RAISE: Optimizing RIS Placement to Maximize Task Throughput in Multi-Server Vehicular Edge Computing
Yanan Ma, Zhengru Fang, Longzhi Yuan, Yiqin Deng, Xianhao Chen, Yuguang Fang
TL;DR
RAISE tackles the challenge of maximizing task throughput in a multi-server VEC system with mobility and occlusions. It jointly optimizes RIS placement (altitude $h_R$ and tilt $theta_R$) and task offloading using a two-layer framework: an inner unimodular-based LP solves the binary offloading problem, while an outer hill-climbing (with grid search as a baseline) discovers near-optimal RIS placements. The key contributions are (i) proving that the task offloading problem is equivalent to its LP due to total unimodularity, (ii) introducing a scalable HC RIS placement algorithm with complexity $O(N_g J)$, and (iii) demonstrating substantial throughput gains over benchmark schemes under probabilistic deadline constraints in diverse mobility scenarios.

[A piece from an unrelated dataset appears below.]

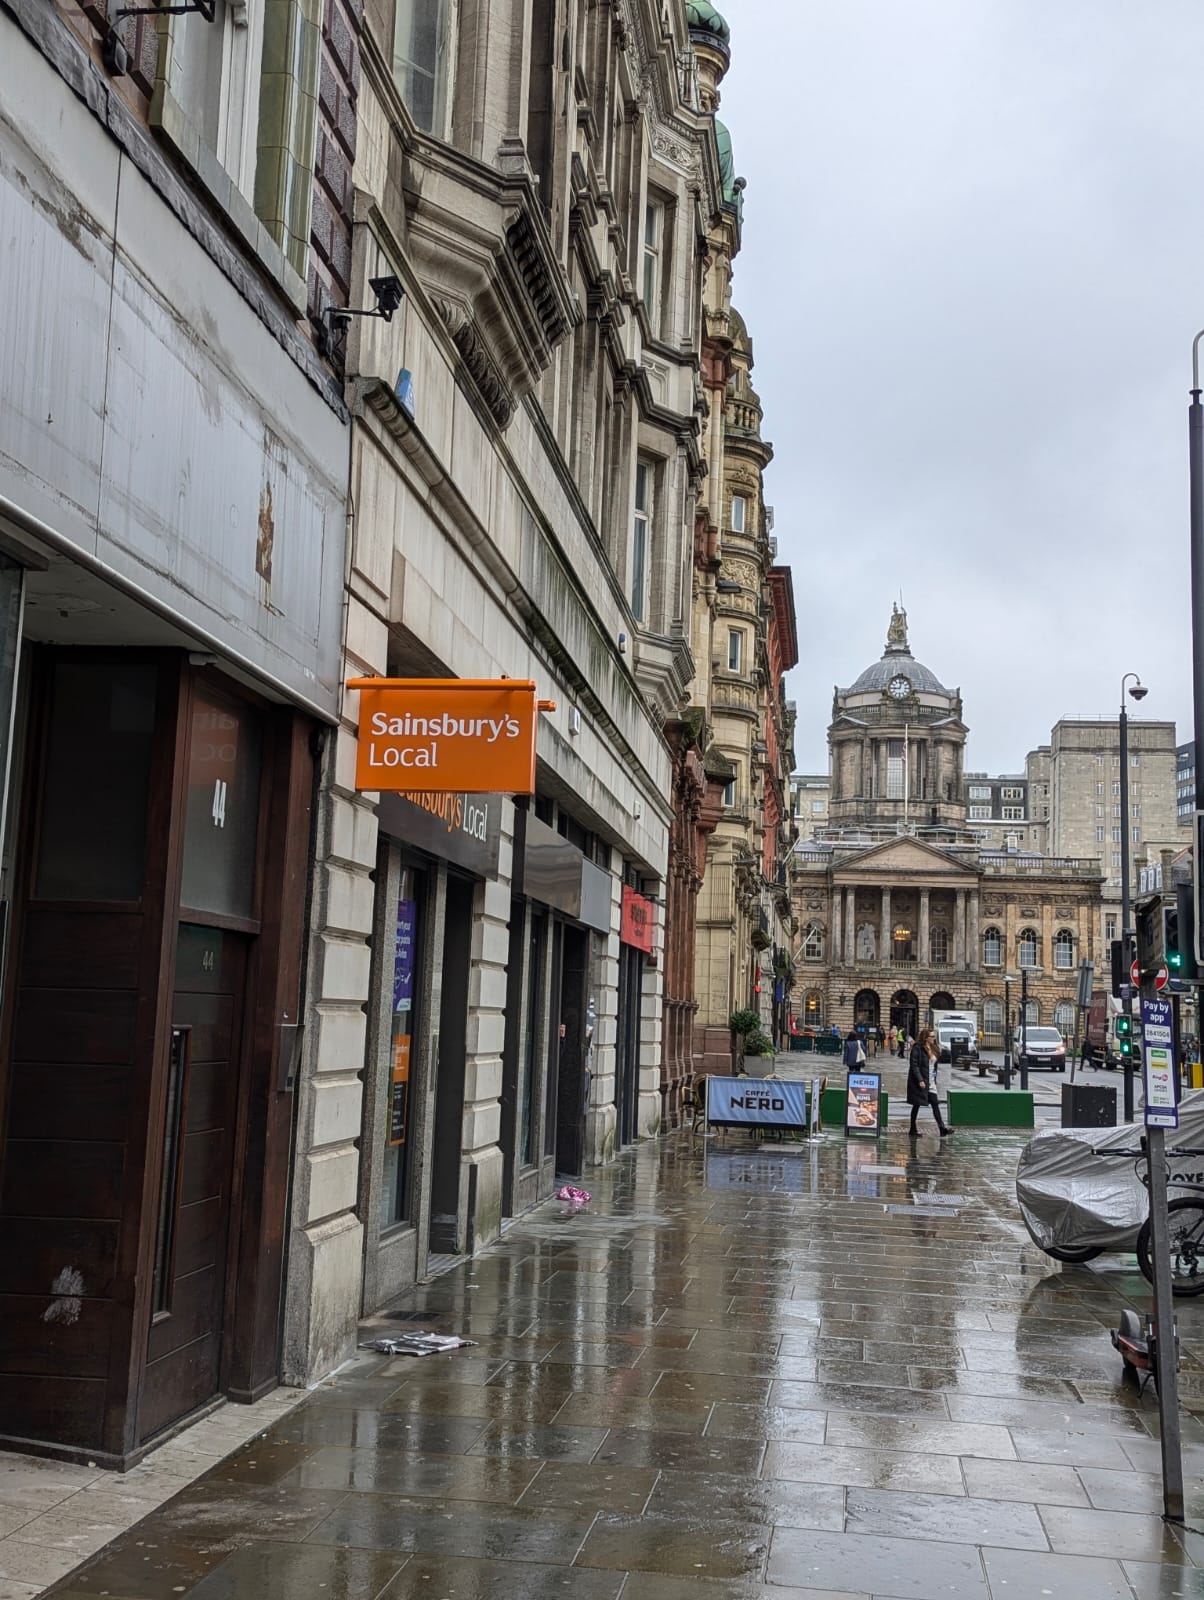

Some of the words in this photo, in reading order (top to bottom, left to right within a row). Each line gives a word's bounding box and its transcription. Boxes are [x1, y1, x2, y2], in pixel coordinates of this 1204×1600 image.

The approach yields practical insights for deploying RIS-enabled VEC to extend edge computing reach and improve latency-sensitive task performance in dynamic road networks.
Abstract
Given the limited computing capabilities on autonomous vehicles, onboard processing of large volumes of latency-sensitive tasks presents significant challenges. While vehicular edge computing (VEC) has emerged as a solution, offloading data-intensive tasks to roadside servers or other vehicles is hindered by large obstacles like trucks/buses and the surge in service demands during rush hours. To address these challenges, Reconfigurable Intelligent Surface (RIS) can be leveraged to mitigate interference from ground signals and reach more edge servers by elevating RIS adaptively. To this end, we propose RAISE, an optimization framework for RIS placement in multi-server VEC systems. Specifically, RAISE optimizes RIS altitude and tilt angle together with the optimal task assignment to maximize task throughput under deadline constraints. To find a solution, a two-layer optimization approach is proposed, where the inner layer exploits the unimodularity of the task assignment problem to derive the efficient optimal strategy while the outer layer develops a near-optimal hill climbing (HC) algorithm for RIS placement with low complexity. Extensive experiments demonstrate that the proposed RAISE framework consistently outperforms existing benchmarks.